Originally posted by Dean Dean wrote:

... further more - based on what you say then a simple proof would be to burn the data onto a CDR using a PC - rip that back to the PC and repeat the process a number of times. Since you can hear degredation on one copy then the rest of us without gold-plated ears should be able to hear a difference eventually - the question then becomes "how many copies does it take before everyone (including audio analysis equipment) can see a difference from the original master copy?".
 

 

 



I've never said that i've gold ears. I've always said
that most people have ears good enough to hear differences i'm talking about.
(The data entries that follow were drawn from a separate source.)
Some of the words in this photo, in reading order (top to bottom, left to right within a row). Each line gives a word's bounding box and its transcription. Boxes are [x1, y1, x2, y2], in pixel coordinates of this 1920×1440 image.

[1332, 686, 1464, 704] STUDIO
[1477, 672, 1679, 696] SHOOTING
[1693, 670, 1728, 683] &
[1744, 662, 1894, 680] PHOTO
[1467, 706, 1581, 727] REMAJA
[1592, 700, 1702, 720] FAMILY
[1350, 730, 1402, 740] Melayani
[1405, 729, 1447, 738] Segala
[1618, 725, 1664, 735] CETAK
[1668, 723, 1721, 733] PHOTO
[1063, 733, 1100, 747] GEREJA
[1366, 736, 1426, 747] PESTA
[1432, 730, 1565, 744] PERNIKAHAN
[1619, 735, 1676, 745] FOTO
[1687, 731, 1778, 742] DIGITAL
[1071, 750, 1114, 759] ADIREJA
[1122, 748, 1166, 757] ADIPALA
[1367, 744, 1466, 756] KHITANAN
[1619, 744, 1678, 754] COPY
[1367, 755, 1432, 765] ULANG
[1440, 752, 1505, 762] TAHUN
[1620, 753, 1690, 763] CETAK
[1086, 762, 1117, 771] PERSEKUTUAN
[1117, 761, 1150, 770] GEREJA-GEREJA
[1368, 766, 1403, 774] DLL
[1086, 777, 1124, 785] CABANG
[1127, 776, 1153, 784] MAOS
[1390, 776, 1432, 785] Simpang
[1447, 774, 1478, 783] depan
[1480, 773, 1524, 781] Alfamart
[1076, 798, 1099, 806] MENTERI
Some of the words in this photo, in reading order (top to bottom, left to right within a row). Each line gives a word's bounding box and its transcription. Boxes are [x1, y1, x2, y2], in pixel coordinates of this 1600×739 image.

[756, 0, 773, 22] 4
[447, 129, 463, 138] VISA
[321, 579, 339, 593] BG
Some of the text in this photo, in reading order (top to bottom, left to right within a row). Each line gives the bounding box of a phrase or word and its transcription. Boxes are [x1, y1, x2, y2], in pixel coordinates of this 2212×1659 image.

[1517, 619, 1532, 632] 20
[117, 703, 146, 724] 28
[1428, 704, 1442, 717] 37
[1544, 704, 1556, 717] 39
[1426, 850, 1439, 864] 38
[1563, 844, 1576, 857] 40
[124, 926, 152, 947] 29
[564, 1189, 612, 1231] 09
But i've a golden system.

"The data is identical... It's important to separate the message (the data) from the messenger (the clock).


It's all in the playback of the last disc in the chain, Paul! The "old" clock is NEVER transferred on each copy, only the data. No matter what speed you write at, there is a new writing master clock in the CD recorder that determines the spacing of the pits on the newly written CD.


But each time you copy, that clock is not transferred through the SCSI barrier of the next CD Recorder. I will have to write about this in more detail and diagram it for my readers, hopefully soon...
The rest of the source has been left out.